APÓLOGO
BRASILEIRO SEM VÉU DE ALEGORIA
O
trenzinho recebeu em Maguari o pessoal do matadouro e tocou para Belém. Já era
noite. Só se sentia o cheiro doce do sangue. As manchas na roupa dos
passageiros ninguém via porque não
havia luz. De vez em quando passava uma fagulha que a chaminé da locomotiva
botava. E os vagões no escuro.
Trem
misterioso. Noite fora noite dentro. O chefe vinha recolher os bilhetes de
cigarro na boca. Chegava a
passagem bem perto da ponta acesa e dava uma chupada para fazer mais luz. Via mal-e~mal
a data e ia guardando no bolso. Havia sempre uns que gritavam:
- Vá pisar
no inferno!
Ele pedia
perdão (ou não pedia) e continuava seu caminho. Os vagões sacolejando.
O
trenzinho seguia danado para Belém porque o maquinista não tinha jantado até
aquela hora.

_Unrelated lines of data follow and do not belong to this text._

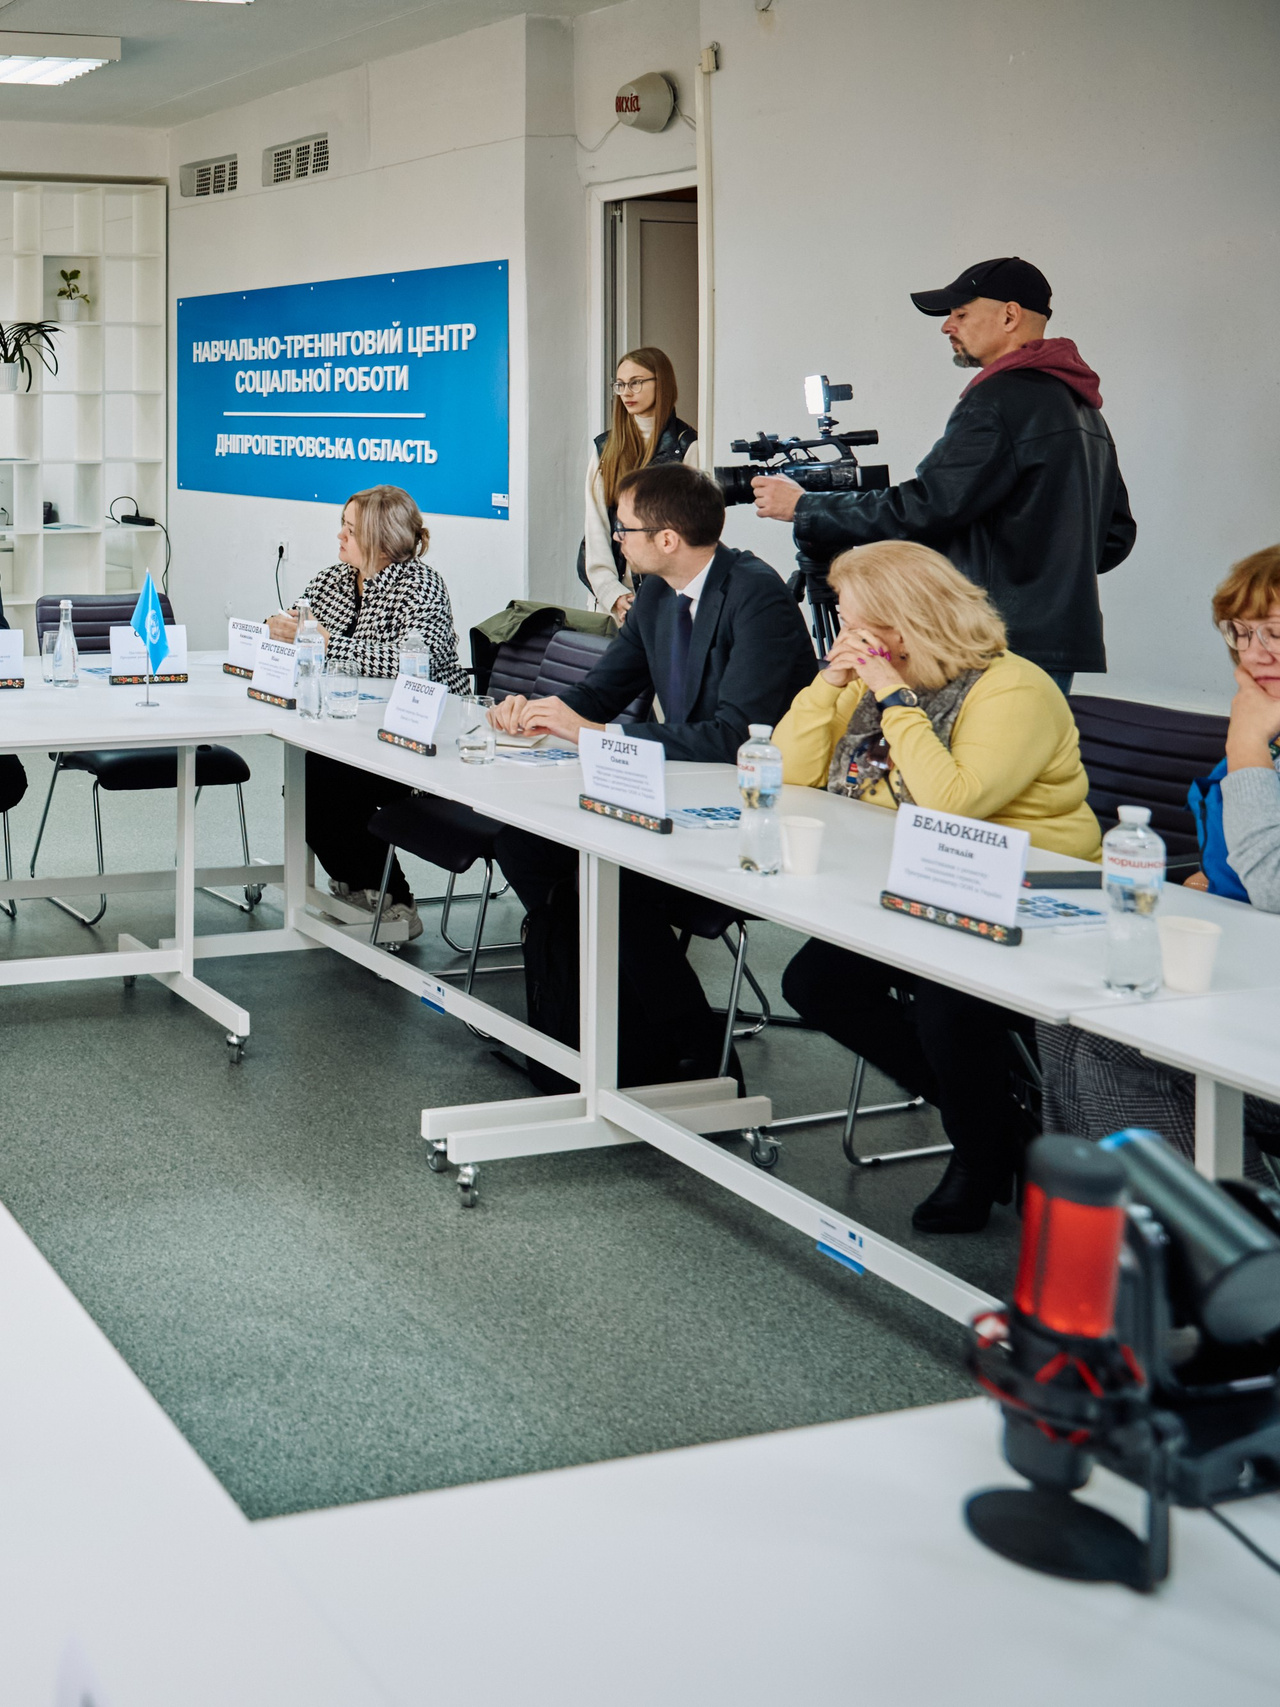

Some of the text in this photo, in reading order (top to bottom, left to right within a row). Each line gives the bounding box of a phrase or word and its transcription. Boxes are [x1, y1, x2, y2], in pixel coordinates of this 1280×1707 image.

[192, 321, 477, 363] НАВЧАЛЬНО-ТРЕНІНГОВИЙ ЦЕНТР
[235, 363, 409, 397] СОЦІАЛЬНОЇ РОБОТИ
[215, 434, 438, 464] ДНІПРОПЕТРОВСЬКА ОБЛАСТЬ
[261, 642, 296, 657] КРІСТЕНСЕН
[404, 680, 435, 695] РУНЕСОН
[601, 738, 638, 755] РУДИЧ
[912, 814, 1008, 849] БЕЛЮКИНА
[937, 843, 974, 859] Наталія
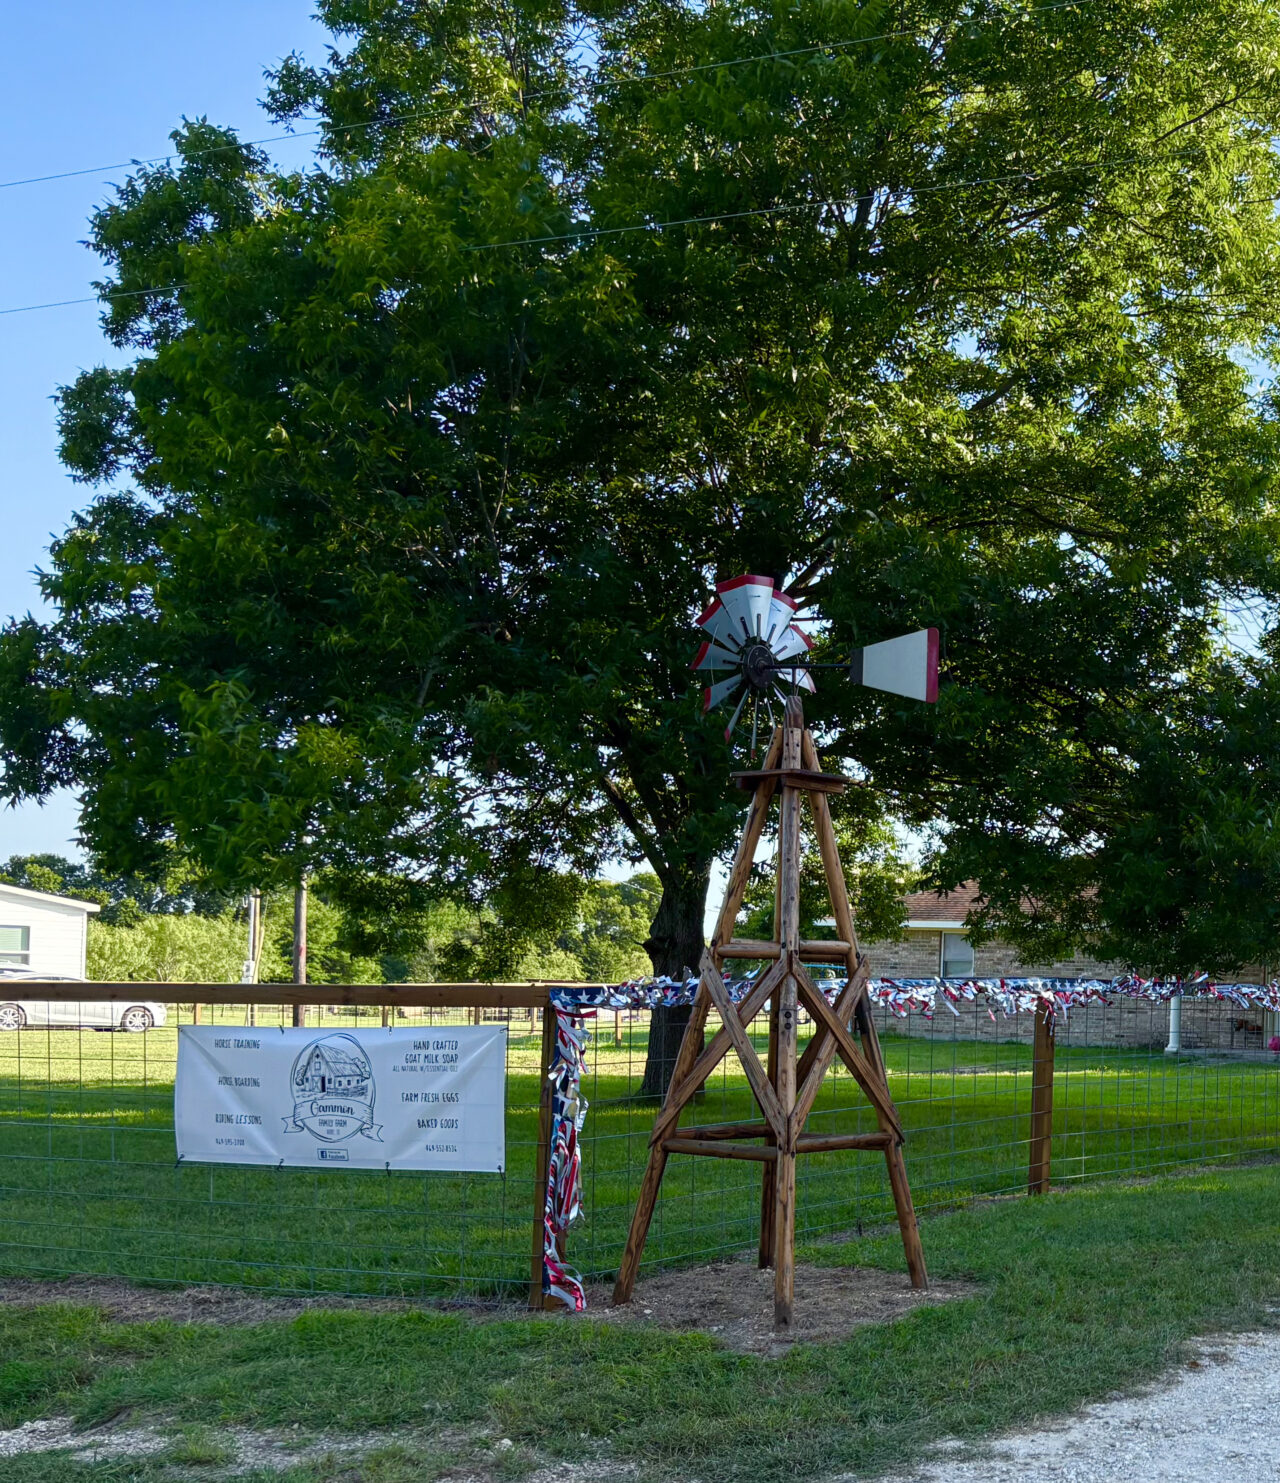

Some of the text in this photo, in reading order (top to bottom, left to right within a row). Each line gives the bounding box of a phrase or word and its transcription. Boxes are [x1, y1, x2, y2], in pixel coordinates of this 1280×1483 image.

Os que não dormiam aproveitando a escuridão conversavam e até
gesticulavam por força do hábito
brasileiro. Ou então cantavam, assobiavam. Só as mulheres se encolhiam com medo
de algum desrespeito.
Noite sem
lua nem nada. Os fósforos é que alumiavam um instante as caras cansadas e a pretidão
feia caía de novo. Ninguém estranhava. Era assim mesmo todos os dias. O pessoal
do matadouro já estava
acostumado. Parecia trem de carga o trem de Maguari.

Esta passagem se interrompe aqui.